Data items:
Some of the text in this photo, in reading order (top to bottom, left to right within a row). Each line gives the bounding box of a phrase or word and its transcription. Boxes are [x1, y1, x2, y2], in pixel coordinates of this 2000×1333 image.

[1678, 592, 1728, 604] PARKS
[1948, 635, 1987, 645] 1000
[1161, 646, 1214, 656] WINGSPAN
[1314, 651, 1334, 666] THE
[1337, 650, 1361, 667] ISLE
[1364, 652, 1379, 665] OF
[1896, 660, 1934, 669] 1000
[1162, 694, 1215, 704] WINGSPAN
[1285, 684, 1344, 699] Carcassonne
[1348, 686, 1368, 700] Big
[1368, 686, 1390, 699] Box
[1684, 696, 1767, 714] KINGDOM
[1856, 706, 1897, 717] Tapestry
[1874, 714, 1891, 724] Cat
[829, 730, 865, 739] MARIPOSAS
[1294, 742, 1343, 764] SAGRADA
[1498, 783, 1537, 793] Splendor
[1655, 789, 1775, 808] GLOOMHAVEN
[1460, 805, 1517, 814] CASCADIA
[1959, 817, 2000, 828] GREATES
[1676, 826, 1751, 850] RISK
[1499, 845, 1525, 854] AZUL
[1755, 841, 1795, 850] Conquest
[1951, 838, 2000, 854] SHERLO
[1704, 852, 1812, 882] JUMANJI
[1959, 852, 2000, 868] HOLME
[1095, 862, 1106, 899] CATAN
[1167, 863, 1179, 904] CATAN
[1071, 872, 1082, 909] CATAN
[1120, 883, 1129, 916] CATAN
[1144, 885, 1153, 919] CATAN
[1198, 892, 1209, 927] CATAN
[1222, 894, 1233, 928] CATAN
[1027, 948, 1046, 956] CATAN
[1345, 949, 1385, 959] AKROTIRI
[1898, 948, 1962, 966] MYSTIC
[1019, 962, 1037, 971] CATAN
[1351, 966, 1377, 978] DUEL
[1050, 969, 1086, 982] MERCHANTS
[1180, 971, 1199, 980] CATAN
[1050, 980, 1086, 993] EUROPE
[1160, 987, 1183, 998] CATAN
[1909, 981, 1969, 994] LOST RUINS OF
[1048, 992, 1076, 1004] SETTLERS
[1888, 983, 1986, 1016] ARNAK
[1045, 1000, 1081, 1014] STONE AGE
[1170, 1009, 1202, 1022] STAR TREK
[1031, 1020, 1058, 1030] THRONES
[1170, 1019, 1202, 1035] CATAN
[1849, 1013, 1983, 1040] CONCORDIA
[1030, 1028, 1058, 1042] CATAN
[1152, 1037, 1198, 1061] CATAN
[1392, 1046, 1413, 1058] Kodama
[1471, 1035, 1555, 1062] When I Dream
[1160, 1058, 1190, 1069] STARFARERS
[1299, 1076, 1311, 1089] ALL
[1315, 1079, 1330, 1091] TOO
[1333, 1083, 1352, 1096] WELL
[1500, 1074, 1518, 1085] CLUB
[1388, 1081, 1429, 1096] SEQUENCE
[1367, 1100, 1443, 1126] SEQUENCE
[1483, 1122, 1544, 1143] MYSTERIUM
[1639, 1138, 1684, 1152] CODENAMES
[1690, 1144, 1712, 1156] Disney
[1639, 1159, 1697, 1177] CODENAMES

- _Instructions to follow_: Set all the data down again, exactly as it reads above.

- _Answer below_:
Some of the text in this photo, in reading order (top to bottom, left to right within a row). Each line gives the bounding box of a phrase or word and its transcription. Boxes are [x1, y1, x2, y2], in pixel coordinates of this 2000×1333 image.

[1678, 592, 1728, 604] PARKS
[1948, 635, 1987, 645] 1000
[1161, 646, 1214, 656] WINGSPAN
[1314, 651, 1334, 666] THE
[1337, 650, 1361, 667] ISLE
[1364, 652, 1379, 665] OF
[1896, 660, 1934, 669] 1000
[1162, 694, 1215, 704] WINGSPAN
[1285, 684, 1344, 699] Carcassonne
[1348, 686, 1368, 700] Big
[1368, 686, 1390, 699] Box
[1684, 696, 1767, 714] KINGDOM
[1856, 706, 1897, 717] Tapestry
[1874, 714, 1891, 724] Cat
[829, 730, 865, 739] MARIPOSAS
[1294, 742, 1343, 764] SAGRADA
[1498, 783, 1537, 793] Splendor
[1655, 789, 1775, 808] GLOOMHAVEN
[1460, 805, 1517, 814] CASCADIA
[1959, 817, 2000, 828] GREATES
[1676, 826, 1751, 850] RISK
[1499, 845, 1525, 854] AZUL
[1755, 841, 1795, 850] Conquest
[1951, 838, 2000, 854] SHERLO
[1704, 852, 1812, 882] JUMANJI
[1959, 852, 2000, 868] HOLME
[1095, 862, 1106, 899] CATAN
[1167, 863, 1179, 904] CATAN
[1071, 872, 1082, 909] CATAN
[1120, 883, 1129, 916] CATAN
[1144, 885, 1153, 919] CATAN
[1198, 892, 1209, 927] CATAN
[1222, 894, 1233, 928] CATAN
[1027, 948, 1046, 956] CATAN
[1345, 949, 1385, 959] AKROTIRI
[1898, 948, 1962, 966] MYSTIC
[1019, 962, 1037, 971] CATAN
[1351, 966, 1377, 978] DUEL
[1050, 969, 1086, 982] MERCHANTS
[1180, 971, 1199, 980] CATAN
[1050, 980, 1086, 993] EUROPE
[1160, 987, 1183, 998] CATAN
[1909, 981, 1969, 994] LOST RUINS OF
[1048, 992, 1076, 1004] SETTLERS
[1888, 983, 1986, 1016] ARNAK
[1045, 1000, 1081, 1014] STONE AGE
[1170, 1009, 1202, 1022] STAR TREK
[1031, 1020, 1058, 1030] THRONES
[1170, 1019, 1202, 1035] CATAN
[1849, 1013, 1983, 1040] CONCORDIA
[1030, 1028, 1058, 1042] CATAN
[1152, 1037, 1198, 1061] CATAN
[1392, 1046, 1413, 1058] Kodama
[1471, 1035, 1555, 1062] When I Dream
[1160, 1058, 1190, 1069] STARFARERS
[1299, 1076, 1311, 1089] ALL
[1315, 1079, 1330, 1091] TOO
[1333, 1083, 1352, 1096] WELL
[1500, 1074, 1518, 1085] CLUB
[1388, 1081, 1429, 1096] SEQUENCE
[1367, 1100, 1443, 1126] SEQUENCE
[1483, 1122, 1544, 1143] MYSTERIUM
[1639, 1138, 1684, 1152] CODENAMES
[1690, 1144, 1712, 1156] Disney
[1639, 1159, 1697, 1177] CODENAMES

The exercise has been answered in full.